In the Kriegsmarine version, the entire globe was divided into large square sectors (assuming a Mercator projection), each with its unique two-letter designation (e.g. AE, AF, BA, BB, etc.) with each square called a quadrant 486 nautical miles to a side. E.g CA covered the East Coast of the United States from about Portsmouth, Hampshire south to Cape Fear, North Carolina. Each such sector was further sub-divided into a 3 x 3 matrix, so that there were nine squares. Each of the nine squares were again divided into nine smaller squares.

This was known as a Grid, so that there were now 81 total grid squares within a sector. Each grid was given a two-digit designation, so the Grid System would now have two alphabets and two digits. Each of these Grids were again divided in the same manner – first into a 3 x 3 matrix, and then each matrix was divided into nine squares, so that a further 81 squares were formed within the Grid.

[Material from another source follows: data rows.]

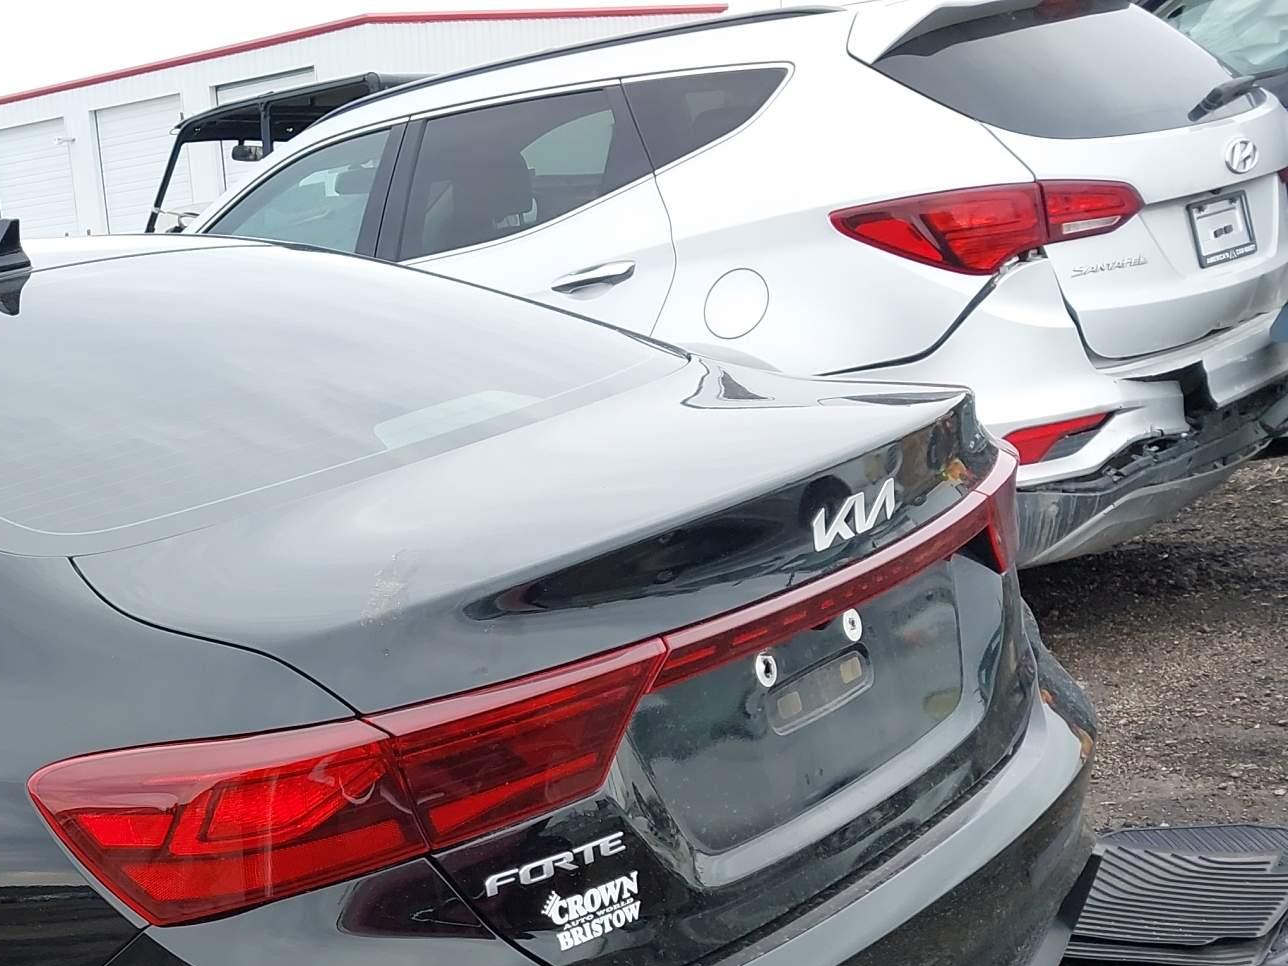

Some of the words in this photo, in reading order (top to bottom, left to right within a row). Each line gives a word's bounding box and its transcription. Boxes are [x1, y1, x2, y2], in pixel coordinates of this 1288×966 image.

[812, 477, 896, 552] KIA
[485, 831, 627, 898] FORTE
[549, 870, 639, 926] CROWN
[556, 900, 642, 951] BRISTOW
[563, 913, 595, 931] AUTO
[597, 897, 635, 915] WORLD
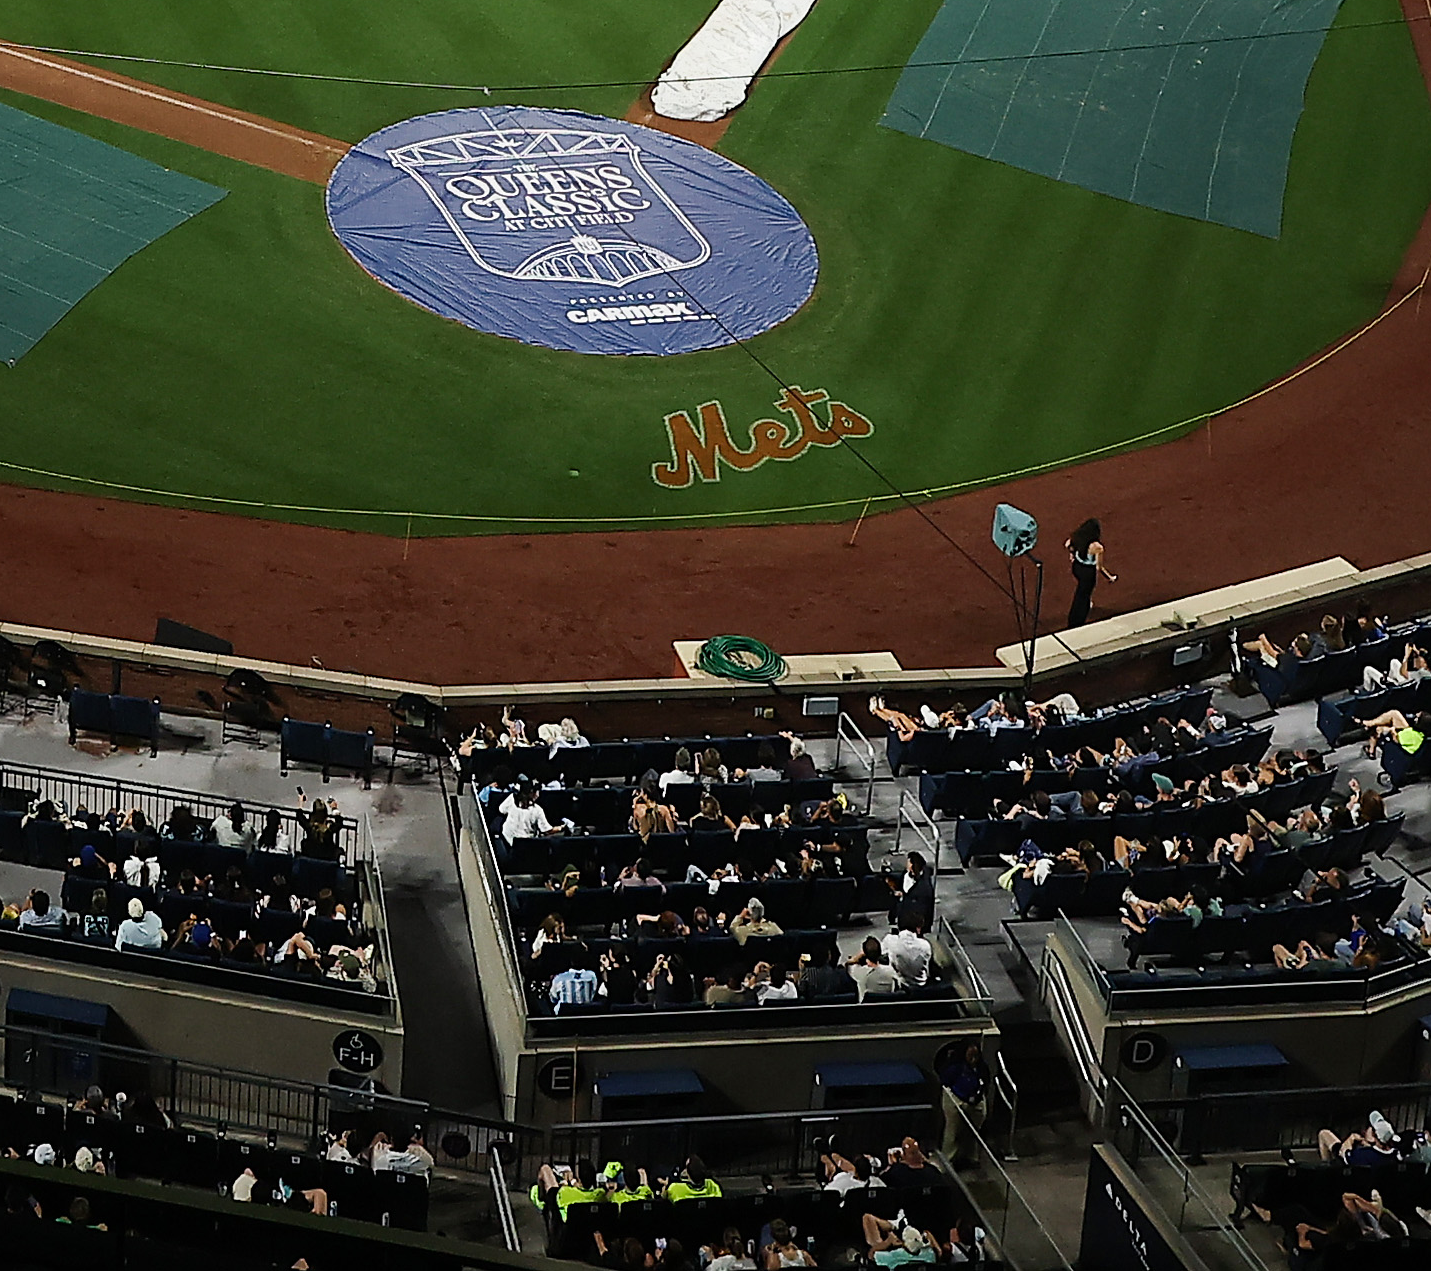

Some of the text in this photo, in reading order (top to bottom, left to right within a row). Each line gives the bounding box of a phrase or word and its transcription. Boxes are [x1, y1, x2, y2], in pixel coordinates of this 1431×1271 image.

Each newly formed square was again given a two digit designation. The complete Grid System would now read as two alphabets with four digits. This can be referred to as the patrol zone. Thus the Kriegsmarine could pinpoint any location on the globe using six characters, a very useful tool when using radio. Its precision was to the level of six nautical miles within a grid. This was how locations were communicated to naval units, particularly U-boats. Thus grid location AN1879 denoted a location east of Northern Scotland, just below Scapa Flow.

For example, major grid AJ is located south of Greenland. Each submarine was equipped with an Adressbuch to decipher the locations.
==Interpretation and adjustments==
As the war advanced, the Germans suspected that the Allies were deciphering their patrol reports. As a precautionary measure they transmitted patrol zones by using coded sectors.

Thus instead of transmitting the actual patrol zone, they would use an offset, so that any zone that was transmitted over the waves would be an offset of a secret location. This secret location was changed at random intervals, and U-boat captains would calculate the new patrol zone based on the offset.